By GYNNIE KERO
SIX women and 21 men have done three weeks of cadet training at the Bomana Police Training College.
The programme focused on disciplinary procedures.
Internal Affairs Director chief superintendent Robert Ali said discipline was everybody’s responsibility and instilling such behaviour and character at an early
stage in cadet training was important.
Ali said discipline applies to everybody within the Police Commissioner’s command and control value chain regardless of
gender, culture, religion or social status.
He told the cadets that discipline was their personal profile or behaviour and it would help them build and shape their personal character.
“Discipline tells who and what you are.
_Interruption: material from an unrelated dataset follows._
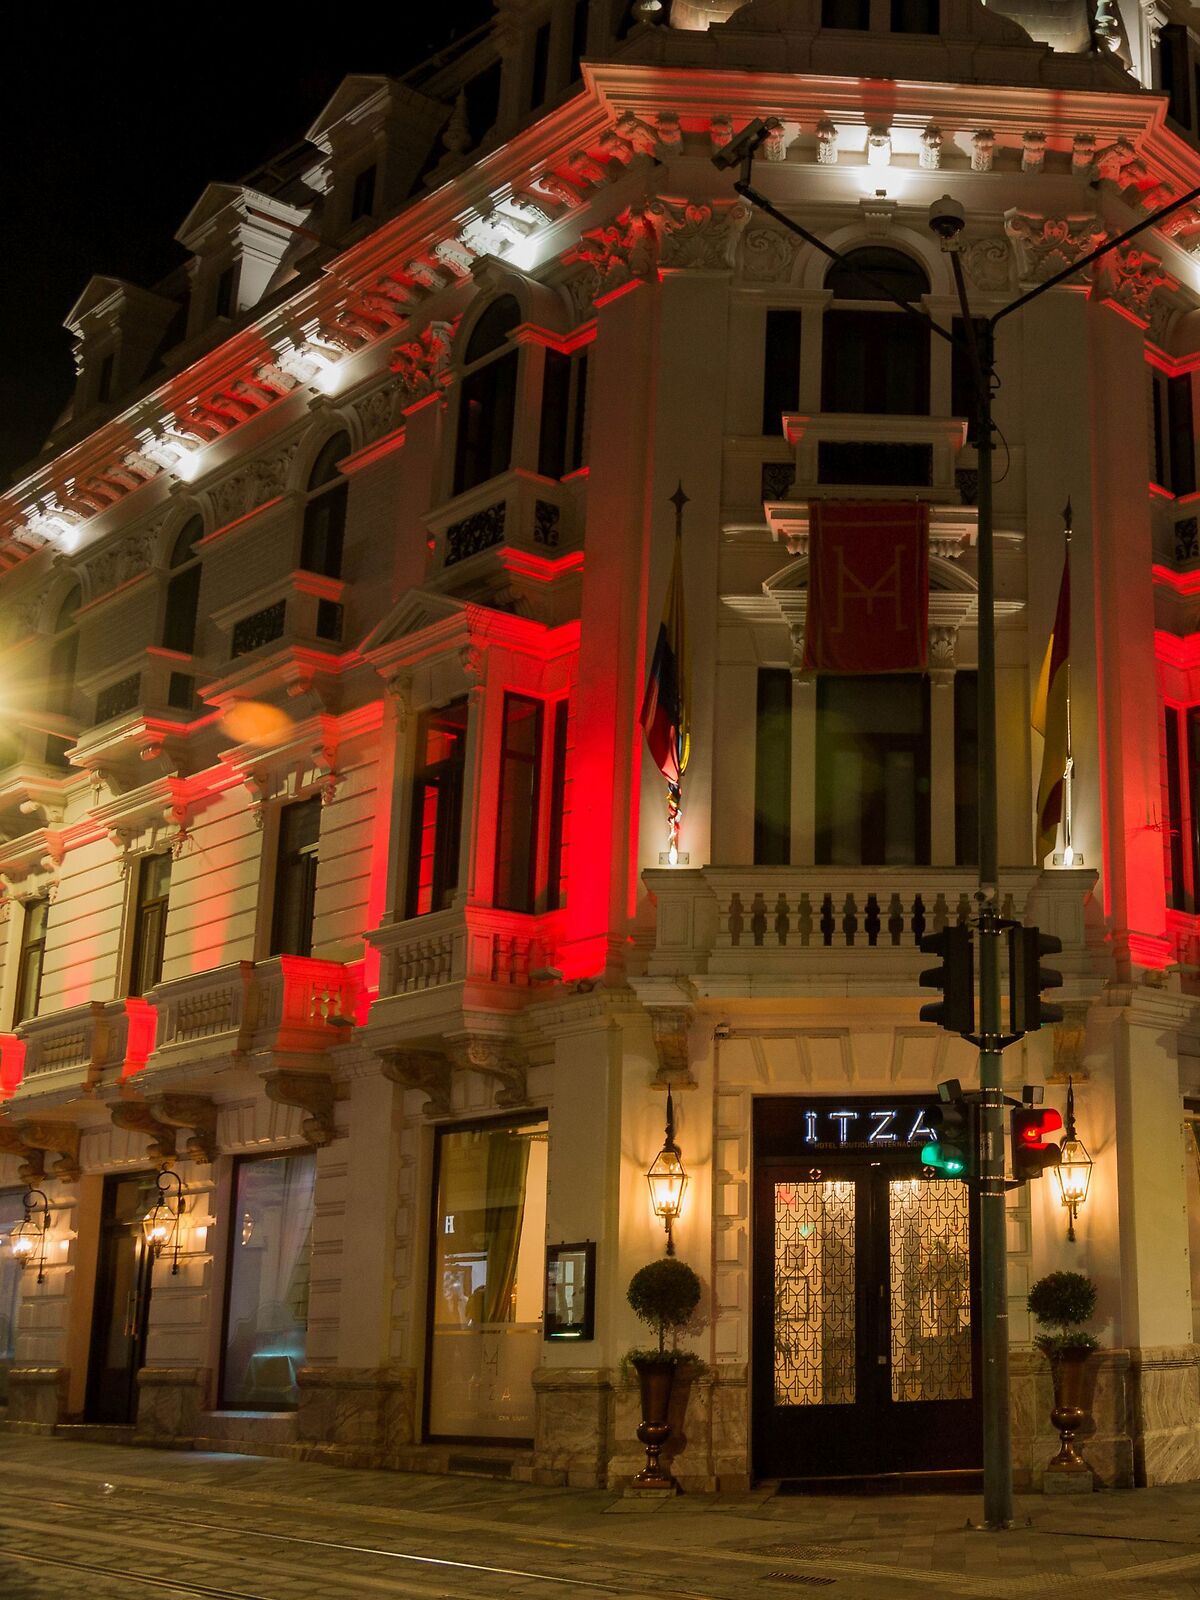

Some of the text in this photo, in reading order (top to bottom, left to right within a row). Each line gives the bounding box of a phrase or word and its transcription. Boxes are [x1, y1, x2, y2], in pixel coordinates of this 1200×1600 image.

[804, 1110, 938, 1143] ITZA
[815, 1140, 927, 1149] HOTEL BOUTIQUE INTERNACIONA
Who you are is what you are,” Ali said, adding that discipline is where officers maintained coherence, consistency, conduct and regulate their behaviour.
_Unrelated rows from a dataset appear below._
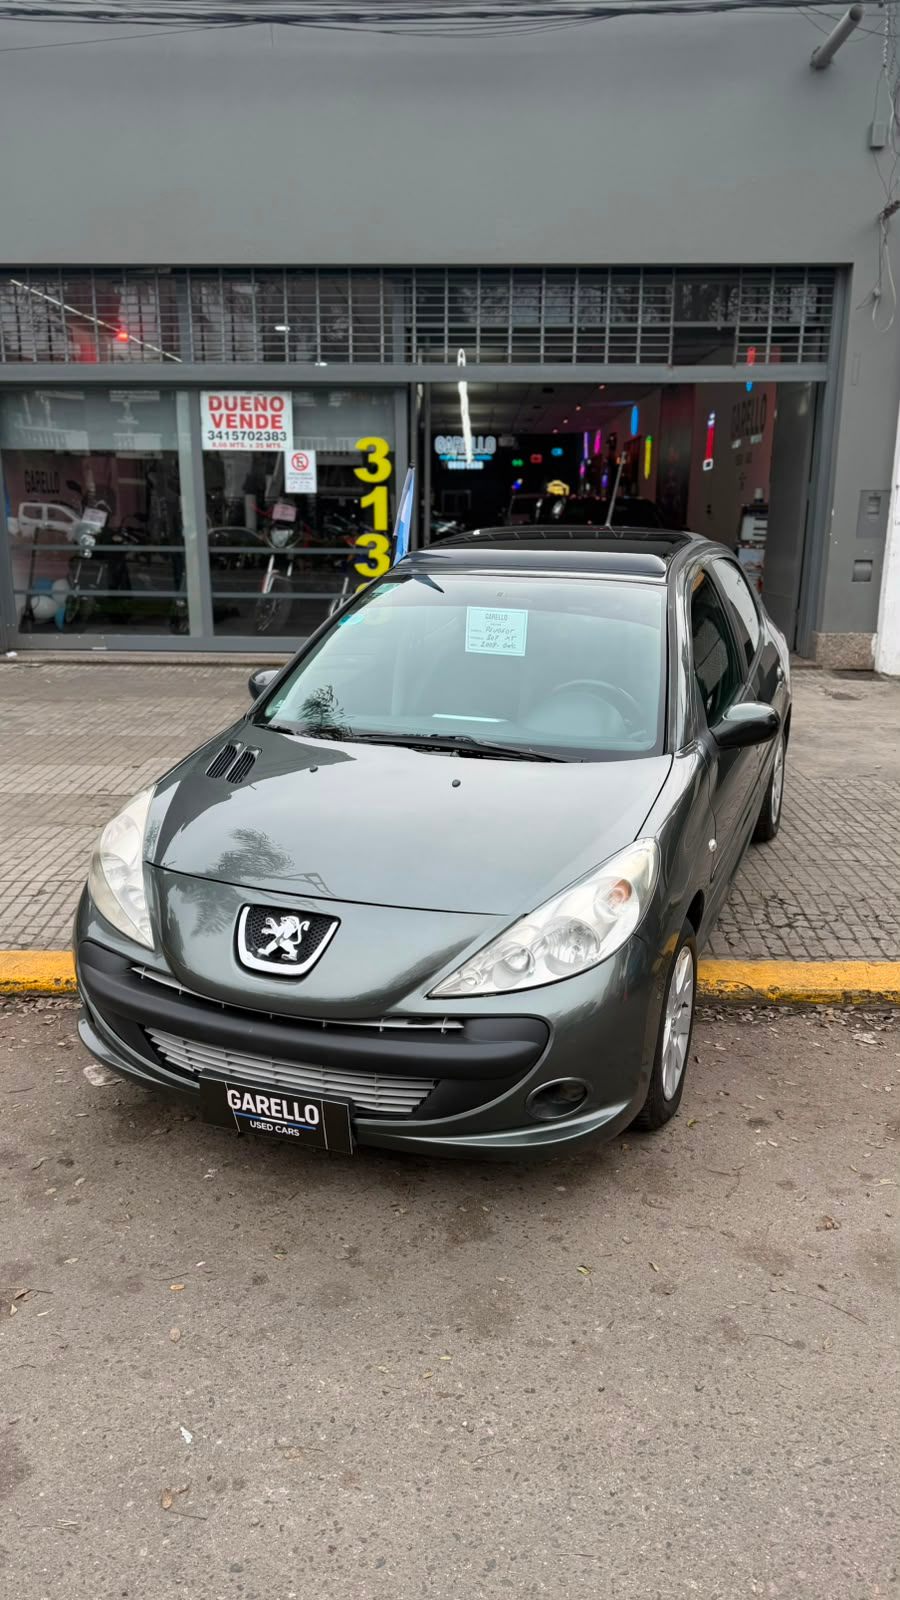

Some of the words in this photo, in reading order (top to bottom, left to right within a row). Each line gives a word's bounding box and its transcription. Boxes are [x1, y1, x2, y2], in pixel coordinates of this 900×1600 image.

[208, 393, 285, 412] DUEÑO
[210, 413, 283, 429] VENDE
[207, 431, 287, 441] 3415702383
[226, 1089, 320, 1125] GARELLO
[250, 1120, 273, 1131] USED
[275, 1126, 300, 1137] CARS
“When you finish here and go to your respective postings you must maintain discipline at all times,” he said.
“When you do that you earn respect from your superiors and subordinates. Your character is your value.”
Ali said when officers have credibility, their supervisors would respect them and promote them.
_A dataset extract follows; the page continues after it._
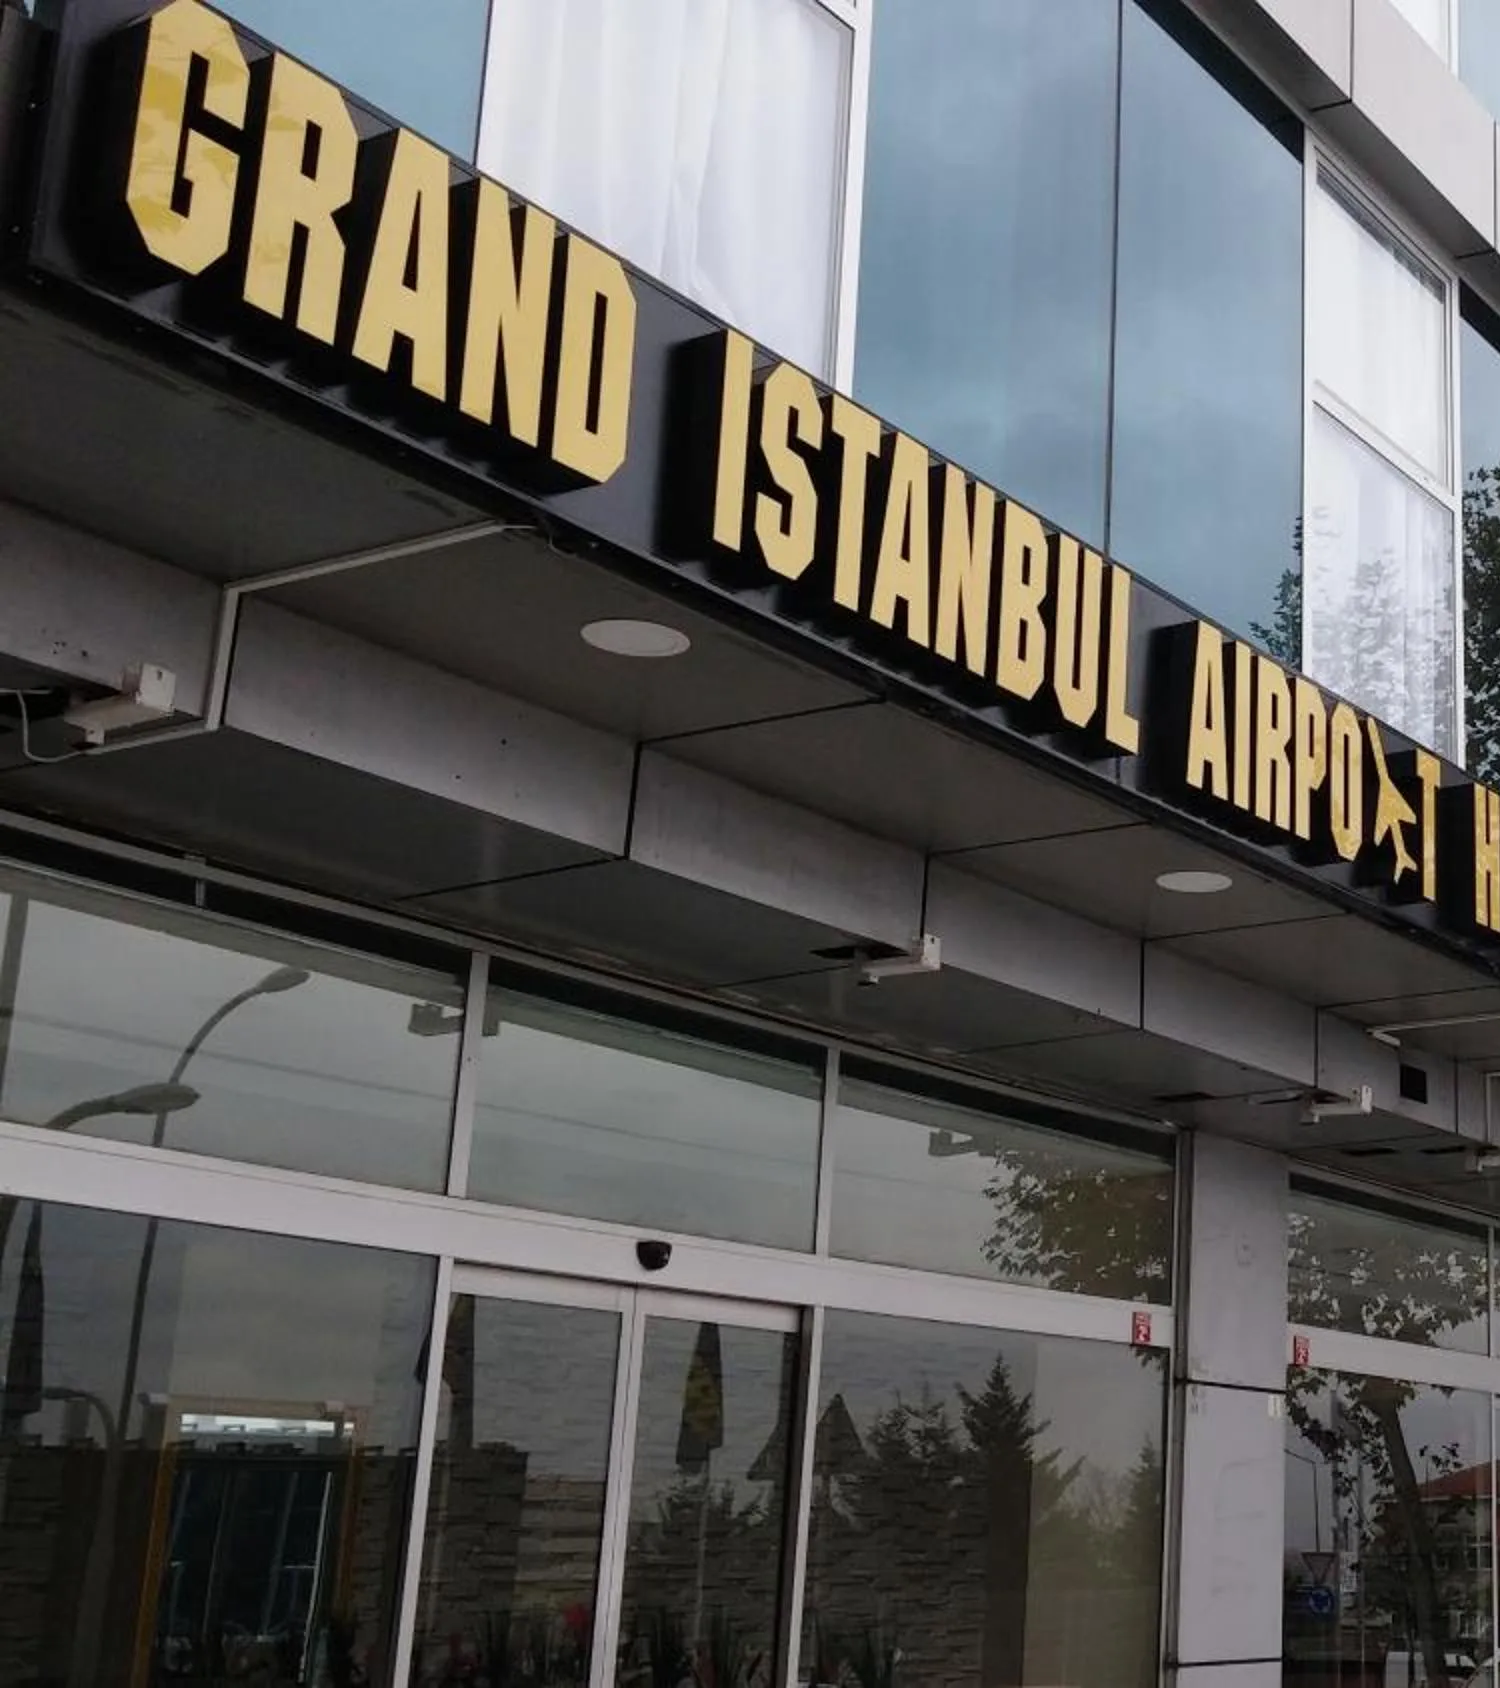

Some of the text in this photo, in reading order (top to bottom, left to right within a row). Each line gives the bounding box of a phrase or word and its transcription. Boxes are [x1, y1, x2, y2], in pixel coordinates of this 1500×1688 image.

“Character is fixed and you are one person. Bosses would market and promote you by looking at your character and how disciplined you are,” he said.
Ali told the cadet officers that when they had discipline they promoted the reputation of the police and introduced themselves to the public as a disciplined person.
He said: “Your supervisors would select officers among others because of trust. Trust is not a gift. It could not be bought or sold with money.
“How much money you put in would not stabilise your character. Trust is like an account. Because of your good character you could invest trust in others.”
Ali reminded the cadet officers that the claims against the State for police brutality and undisciplined behaviour had run into the “hundreds of millions”.
It was therefore incumbent upon each commissioned officer to maintain personal discipline and self-respect and in turn demand the same from their subordinates, he said.